Prevalence of Acute Cellular Rejection and Its Impact on Survival Post Heart Transplantation in the Contemporary Era

• Published in: The Journal of heart and lung transplantation Vol. 39; no. 4; p. S243
• Main Authors: Giblin, G., Murphy, L., Mahon, N., McCarthy, J., Healy, D., Chughtai, Z., Keogan, M., Egan, J.J., McGuinness, J., Nolke, L., Joyce, E., O'Neill, J.
• Format: Journal Article
• Language: English
• Published: United States Elsevier Inc 01.04.2020
• ISSN: 1053-2498; 1557-3117
• DOI: 10.1016/j.healun.2020.01.920

Identify the prevalence and associates of ISHLT grade ≥2R acute cellular rejection (≥2CR) and its impact on survival post heart transplantation in a well-phenotyped, modern era Irish cohort all of whom receive induction therapy. Retrospective analysis of 88 patients who underwent heart transplantation between 2014 and 2019 (mean age 49.8 ± 13.02 years; female 29.5%).

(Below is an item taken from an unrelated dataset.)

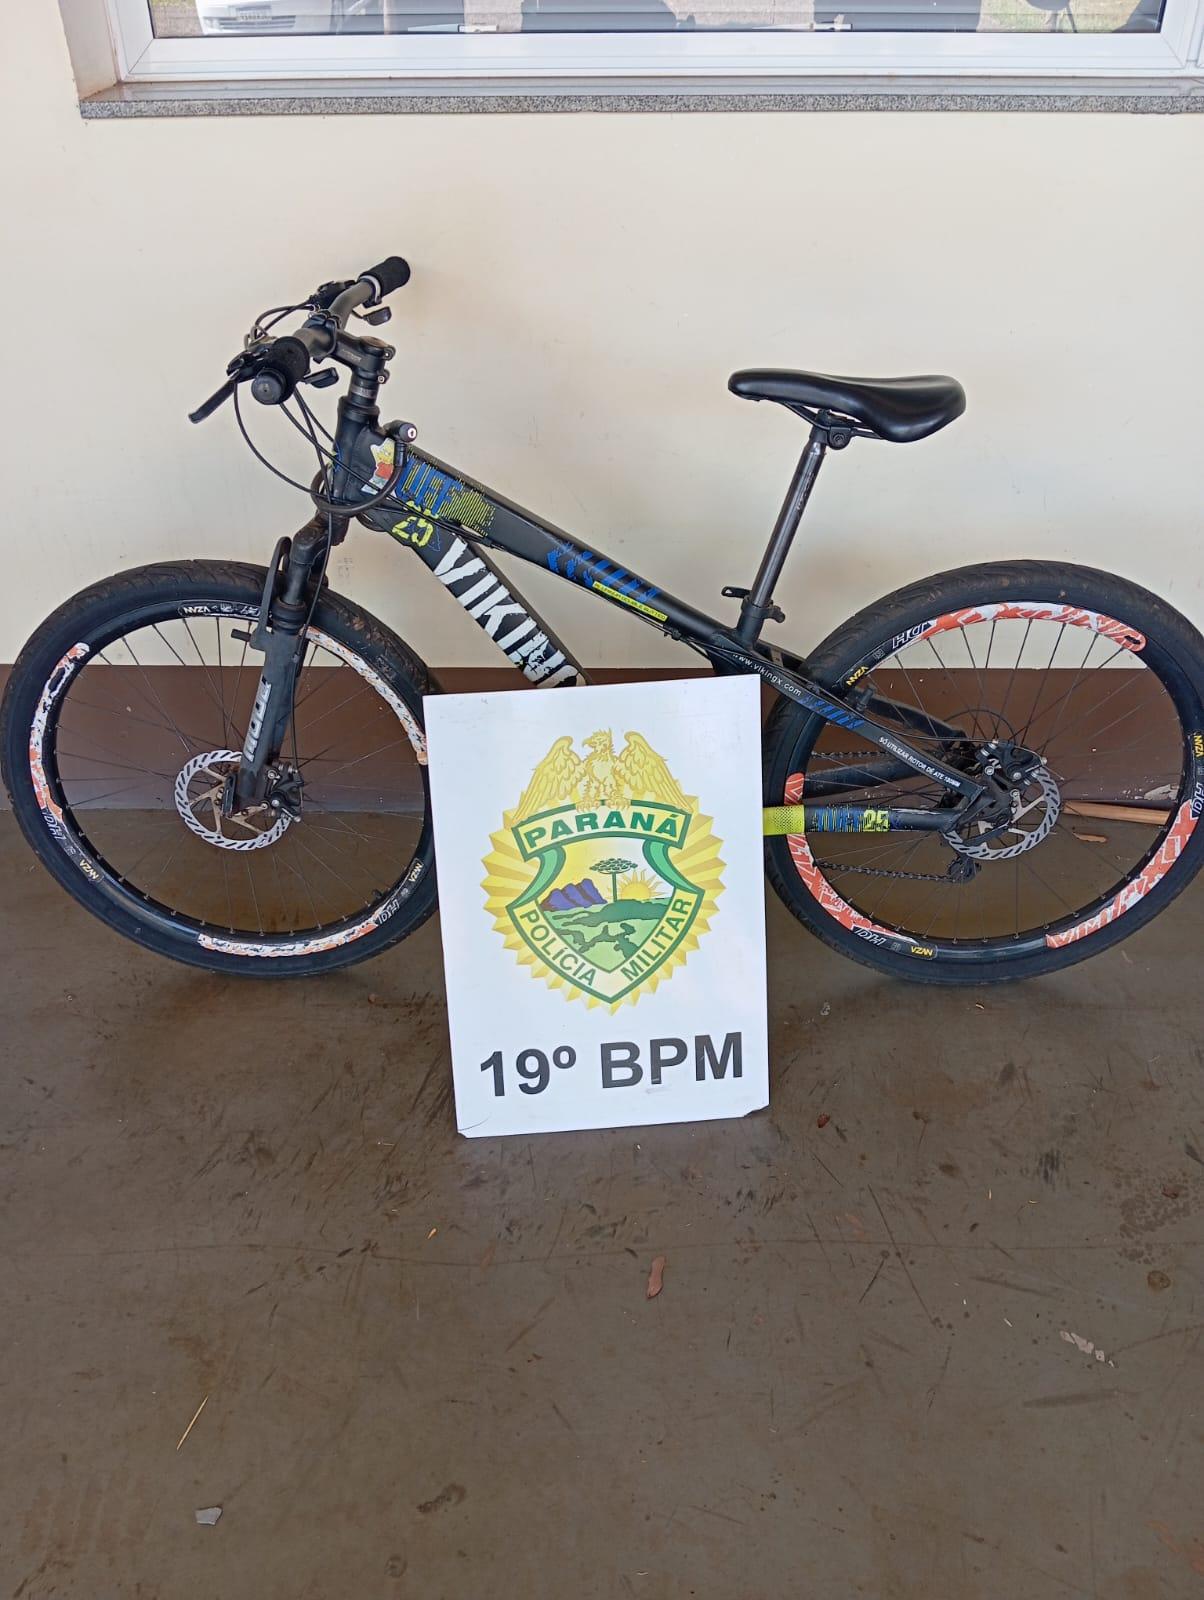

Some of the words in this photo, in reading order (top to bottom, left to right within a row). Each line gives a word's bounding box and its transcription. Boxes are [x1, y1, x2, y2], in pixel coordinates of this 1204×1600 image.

Data was collected on recipient and donor anthropometrics, HLA profile, panel reactive antibodies (PRAs) ischaemia time, cytomegalovirus (CMV) serostatus and endomyocardial biopsy results over a median follow up of 2.04 years (IQR 3.18). Kaplan Meier survival, univariate and multivariate cox regression analysis were performed. Standard immunosuppression was with basiliximab induction, a calcineurin inhibitor, steroid and antimetabolite. All-cause mortality at 1 year was 14%. In those patients surviving to first biopsy (n=82), 55% experienced at least 1 episode of ≥2CR at a median time of 53.5 days (IQR 149) and cumulative survival was reduced in this group (p=0.04). More than 1 episode of ≥2CR was not associated with an incremental mortality risk. Intermediate-high risk CMV serostatus was independently associated with increased mortality on multivariate analysis (HR 3.16; 95%CI 1.04-9.65; p=0.04) but not with an increased risk of ≥2CR. There was no association between ischaemic time, PRAs, other recipient/donor matching characteristics, number of HLA mismatches or mismatches confined to any of the 6 HLA subclasses on survival or development of ≥2CR. In a modern era Irish cohort where induction therapy is standard, patients who experienced ≥1 episode of ≥2CR post transplant had reduced survival. Intermediate-high risk CMV serostatus was the only independent associate of increased mortality but not for ≥2CR. Further work in an extended cohort will focus on understanding the mechanisms underpinning rejection in this contemporary population and its consequences.